▶ THE PROBLEM
Copy the listing below in full, exactly.

▶ EXTRACTED DATA
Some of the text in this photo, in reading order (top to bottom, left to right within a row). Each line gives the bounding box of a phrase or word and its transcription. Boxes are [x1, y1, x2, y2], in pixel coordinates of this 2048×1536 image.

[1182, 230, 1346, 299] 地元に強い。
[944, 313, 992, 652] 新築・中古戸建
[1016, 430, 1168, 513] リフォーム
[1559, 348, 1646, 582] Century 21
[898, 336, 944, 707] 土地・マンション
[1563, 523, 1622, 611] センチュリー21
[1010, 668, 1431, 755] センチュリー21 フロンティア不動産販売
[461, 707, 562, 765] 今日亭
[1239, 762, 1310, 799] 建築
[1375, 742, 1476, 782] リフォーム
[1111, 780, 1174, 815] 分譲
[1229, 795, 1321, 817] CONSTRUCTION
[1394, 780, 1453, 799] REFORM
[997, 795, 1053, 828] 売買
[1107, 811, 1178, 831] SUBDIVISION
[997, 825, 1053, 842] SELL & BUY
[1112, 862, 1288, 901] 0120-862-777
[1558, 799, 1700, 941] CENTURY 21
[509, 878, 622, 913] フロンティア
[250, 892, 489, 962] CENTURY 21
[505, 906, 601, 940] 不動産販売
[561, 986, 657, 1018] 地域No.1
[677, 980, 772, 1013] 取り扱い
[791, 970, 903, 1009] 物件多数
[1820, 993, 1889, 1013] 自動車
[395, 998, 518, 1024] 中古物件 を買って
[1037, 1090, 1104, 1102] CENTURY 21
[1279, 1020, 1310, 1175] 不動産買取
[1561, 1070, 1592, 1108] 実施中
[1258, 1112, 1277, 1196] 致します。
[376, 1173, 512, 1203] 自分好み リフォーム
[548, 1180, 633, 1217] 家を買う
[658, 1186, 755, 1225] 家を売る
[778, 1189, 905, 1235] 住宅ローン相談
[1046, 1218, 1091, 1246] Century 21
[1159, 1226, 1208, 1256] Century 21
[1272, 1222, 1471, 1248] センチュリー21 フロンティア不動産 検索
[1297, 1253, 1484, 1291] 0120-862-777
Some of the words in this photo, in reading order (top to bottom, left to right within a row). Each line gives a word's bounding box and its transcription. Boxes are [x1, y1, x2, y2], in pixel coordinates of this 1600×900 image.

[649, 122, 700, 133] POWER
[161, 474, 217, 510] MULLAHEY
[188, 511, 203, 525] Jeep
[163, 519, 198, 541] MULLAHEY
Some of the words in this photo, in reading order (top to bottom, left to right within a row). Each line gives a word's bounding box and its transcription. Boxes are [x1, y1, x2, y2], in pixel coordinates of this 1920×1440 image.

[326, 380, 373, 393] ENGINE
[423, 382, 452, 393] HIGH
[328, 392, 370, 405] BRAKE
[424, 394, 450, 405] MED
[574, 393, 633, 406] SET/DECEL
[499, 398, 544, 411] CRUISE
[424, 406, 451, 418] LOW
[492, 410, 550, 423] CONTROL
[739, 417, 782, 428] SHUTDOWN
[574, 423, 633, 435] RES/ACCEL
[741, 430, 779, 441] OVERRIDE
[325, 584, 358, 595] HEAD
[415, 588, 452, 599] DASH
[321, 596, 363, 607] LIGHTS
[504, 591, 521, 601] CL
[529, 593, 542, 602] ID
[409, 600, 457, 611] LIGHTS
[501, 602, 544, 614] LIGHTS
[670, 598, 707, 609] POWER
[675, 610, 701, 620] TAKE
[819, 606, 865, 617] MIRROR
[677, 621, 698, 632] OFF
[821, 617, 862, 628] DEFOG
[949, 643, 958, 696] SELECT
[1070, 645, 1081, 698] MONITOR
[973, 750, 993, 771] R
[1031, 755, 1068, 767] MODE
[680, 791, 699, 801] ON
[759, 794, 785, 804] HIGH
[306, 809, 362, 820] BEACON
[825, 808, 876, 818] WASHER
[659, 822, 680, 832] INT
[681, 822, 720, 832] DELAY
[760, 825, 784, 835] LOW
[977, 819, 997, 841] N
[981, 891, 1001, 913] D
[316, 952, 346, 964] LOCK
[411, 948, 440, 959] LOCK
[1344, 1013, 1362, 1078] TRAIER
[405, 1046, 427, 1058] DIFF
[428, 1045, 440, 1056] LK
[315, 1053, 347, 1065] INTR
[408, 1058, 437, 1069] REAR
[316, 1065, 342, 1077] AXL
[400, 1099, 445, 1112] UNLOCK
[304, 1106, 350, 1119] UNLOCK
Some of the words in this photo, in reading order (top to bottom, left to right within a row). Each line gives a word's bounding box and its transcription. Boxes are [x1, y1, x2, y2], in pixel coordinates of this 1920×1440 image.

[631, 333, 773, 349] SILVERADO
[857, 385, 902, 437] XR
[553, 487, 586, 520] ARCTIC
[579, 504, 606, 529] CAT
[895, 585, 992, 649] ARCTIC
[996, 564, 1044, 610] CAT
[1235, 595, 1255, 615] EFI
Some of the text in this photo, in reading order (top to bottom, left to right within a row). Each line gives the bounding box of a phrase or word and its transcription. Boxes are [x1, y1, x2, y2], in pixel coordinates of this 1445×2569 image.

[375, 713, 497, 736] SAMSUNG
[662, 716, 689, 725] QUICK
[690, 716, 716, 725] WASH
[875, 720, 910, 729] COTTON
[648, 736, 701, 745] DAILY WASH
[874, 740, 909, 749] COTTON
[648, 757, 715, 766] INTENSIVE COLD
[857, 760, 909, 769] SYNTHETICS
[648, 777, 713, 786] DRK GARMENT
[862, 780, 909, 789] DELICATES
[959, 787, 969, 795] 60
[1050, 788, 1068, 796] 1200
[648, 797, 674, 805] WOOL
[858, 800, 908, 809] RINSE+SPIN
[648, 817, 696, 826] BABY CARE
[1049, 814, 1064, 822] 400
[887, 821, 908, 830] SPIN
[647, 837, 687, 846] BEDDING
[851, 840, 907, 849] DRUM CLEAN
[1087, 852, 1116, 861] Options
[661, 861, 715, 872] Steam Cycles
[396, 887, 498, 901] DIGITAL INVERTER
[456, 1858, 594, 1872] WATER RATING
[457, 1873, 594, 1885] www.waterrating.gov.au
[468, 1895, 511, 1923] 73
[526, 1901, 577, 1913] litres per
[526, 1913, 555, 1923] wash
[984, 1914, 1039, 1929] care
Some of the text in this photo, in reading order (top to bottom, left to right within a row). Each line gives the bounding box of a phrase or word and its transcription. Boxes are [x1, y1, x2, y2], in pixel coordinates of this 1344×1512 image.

▶ TASK ANSWER
Some of the text in this photo, in reading order (top to bottom, left to right within a row). Each line gives the bounding box of a phrase or word and its transcription. Boxes are [x1, y1, x2, y2], in pixel coordinates of this 2048×1536 image.

[1182, 230, 1346, 299] 地元に強い。
[944, 313, 992, 652] 新築・中古戸建
[1016, 430, 1168, 513] リフォーム
[1559, 348, 1646, 582] Century 21
[898, 336, 944, 707] 土地・マンション
[1563, 523, 1622, 611] センチュリー21
[1010, 668, 1431, 755] センチュリー21 フロンティア不動産販売
[461, 707, 562, 765] 今日亭
[1239, 762, 1310, 799] 建築
[1375, 742, 1476, 782] リフォーム
[1111, 780, 1174, 815] 分譲
[1229, 795, 1321, 817] CONSTRUCTION
[1394, 780, 1453, 799] REFORM
[997, 795, 1053, 828] 売買
[1107, 811, 1178, 831] SUBDIVISION
[997, 825, 1053, 842] SELL & BUY
[1112, 862, 1288, 901] 0120-862-777
[1558, 799, 1700, 941] CENTURY 21
[509, 878, 622, 913] フロンティア
[250, 892, 489, 962] CENTURY 21
[505, 906, 601, 940] 不動産販売
[561, 986, 657, 1018] 地域No.1
[677, 980, 772, 1013] 取り扱い
[791, 970, 903, 1009] 物件多数
[1820, 993, 1889, 1013] 自動車
[395, 998, 518, 1024] 中古物件 を買って
[1037, 1090, 1104, 1102] CENTURY 21
[1279, 1020, 1310, 1175] 不動産買取
[1561, 1070, 1592, 1108] 実施中
[1258, 1112, 1277, 1196] 致します。
[376, 1173, 512, 1203] 自分好み リフォーム
[548, 1180, 633, 1217] 家を買う
[658, 1186, 755, 1225] 家を売る
[778, 1189, 905, 1235] 住宅ローン相談
[1046, 1218, 1091, 1246] Century 21
[1159, 1226, 1208, 1256] Century 21
[1272, 1222, 1471, 1248] センチュリー21 フロンティア不動産 検索
[1297, 1253, 1484, 1291] 0120-862-777
Some of the words in this photo, in reading order (top to bottom, left to right within a row). Each line gives a word's bounding box and its transcription. Boxes are [x1, y1, x2, y2], in pixel coordinates of this 1600×900 image.

[649, 122, 700, 133] POWER
[161, 474, 217, 510] MULLAHEY
[188, 511, 203, 525] Jeep
[163, 519, 198, 541] MULLAHEY
Some of the words in this photo, in reading order (top to bottom, left to right within a row). Each line gives a word's bounding box and its transcription. Boxes are [x1, y1, x2, y2], in pixel coordinates of this 1920×1440 image.

[326, 380, 373, 393] ENGINE
[423, 382, 452, 393] HIGH
[328, 392, 370, 405] BRAKE
[424, 394, 450, 405] MED
[574, 393, 633, 406] SET/DECEL
[499, 398, 544, 411] CRUISE
[424, 406, 451, 418] LOW
[492, 410, 550, 423] CONTROL
[739, 417, 782, 428] SHUTDOWN
[574, 423, 633, 435] RES/ACCEL
[741, 430, 779, 441] OVERRIDE
[325, 584, 358, 595] HEAD
[415, 588, 452, 599] DASH
[321, 596, 363, 607] LIGHTS
[504, 591, 521, 601] CL
[529, 593, 542, 602] ID
[409, 600, 457, 611] LIGHTS
[501, 602, 544, 614] LIGHTS
[670, 598, 707, 609] POWER
[675, 610, 701, 620] TAKE
[819, 606, 865, 617] MIRROR
[677, 621, 698, 632] OFF
[821, 617, 862, 628] DEFOG
[949, 643, 958, 696] SELECT
[1070, 645, 1081, 698] MONITOR
[973, 750, 993, 771] R
[1031, 755, 1068, 767] MODE
[680, 791, 699, 801] ON
[759, 794, 785, 804] HIGH
[306, 809, 362, 820] BEACON
[825, 808, 876, 818] WASHER
[659, 822, 680, 832] INT
[681, 822, 720, 832] DELAY
[760, 825, 784, 835] LOW
[977, 819, 997, 841] N
[981, 891, 1001, 913] D
[316, 952, 346, 964] LOCK
[411, 948, 440, 959] LOCK
[1344, 1013, 1362, 1078] TRAIER
[405, 1046, 427, 1058] DIFF
[428, 1045, 440, 1056] LK
[315, 1053, 347, 1065] INTR
[408, 1058, 437, 1069] REAR
[316, 1065, 342, 1077] AXL
[400, 1099, 445, 1112] UNLOCK
[304, 1106, 350, 1119] UNLOCK
Some of the words in this photo, in reading order (top to bottom, left to right within a row). Each line gives a word's bounding box and its transcription. Boxes are [x1, y1, x2, y2], in pixel coordinates of this 1920×1440 image.

[631, 333, 773, 349] SILVERADO
[857, 385, 902, 437] XR
[553, 487, 586, 520] ARCTIC
[579, 504, 606, 529] CAT
[895, 585, 992, 649] ARCTIC
[996, 564, 1044, 610] CAT
[1235, 595, 1255, 615] EFI
Some of the text in this photo, in reading order (top to bottom, left to right within a row). Each line gives the bounding box of a phrase or word and its transcription. Boxes are [x1, y1, x2, y2], in pixel coordinates of this 1445×2569 image.

[375, 713, 497, 736] SAMSUNG
[662, 716, 689, 725] QUICK
[690, 716, 716, 725] WASH
[875, 720, 910, 729] COTTON
[648, 736, 701, 745] DAILY WASH
[874, 740, 909, 749] COTTON
[648, 757, 715, 766] INTENSIVE COLD
[857, 760, 909, 769] SYNTHETICS
[648, 777, 713, 786] DRK GARMENT
[862, 780, 909, 789] DELICATES
[959, 787, 969, 795] 60
[1050, 788, 1068, 796] 1200
[648, 797, 674, 805] WOOL
[858, 800, 908, 809] RINSE+SPIN
[648, 817, 696, 826] BABY CARE
[1049, 814, 1064, 822] 400
[887, 821, 908, 830] SPIN
[647, 837, 687, 846] BEDDING
[851, 840, 907, 849] DRUM CLEAN
[1087, 852, 1116, 861] Options
[661, 861, 715, 872] Steam Cycles
[396, 887, 498, 901] DIGITAL INVERTER
[456, 1858, 594, 1872] WATER RATING
[457, 1873, 594, 1885] www.waterrating.gov.au
[468, 1895, 511, 1923] 73
[526, 1901, 577, 1913] litres per
[526, 1913, 555, 1923] wash
[984, 1914, 1039, 1929] care
Some of the text in this photo, in reading order (top to bottom, left to right within a row). Each line gives the bounding box of a phrase or word and its transcription. Boxes are [x1, y1, x2, y2], in pixel coordinates of this 1344×1512 image.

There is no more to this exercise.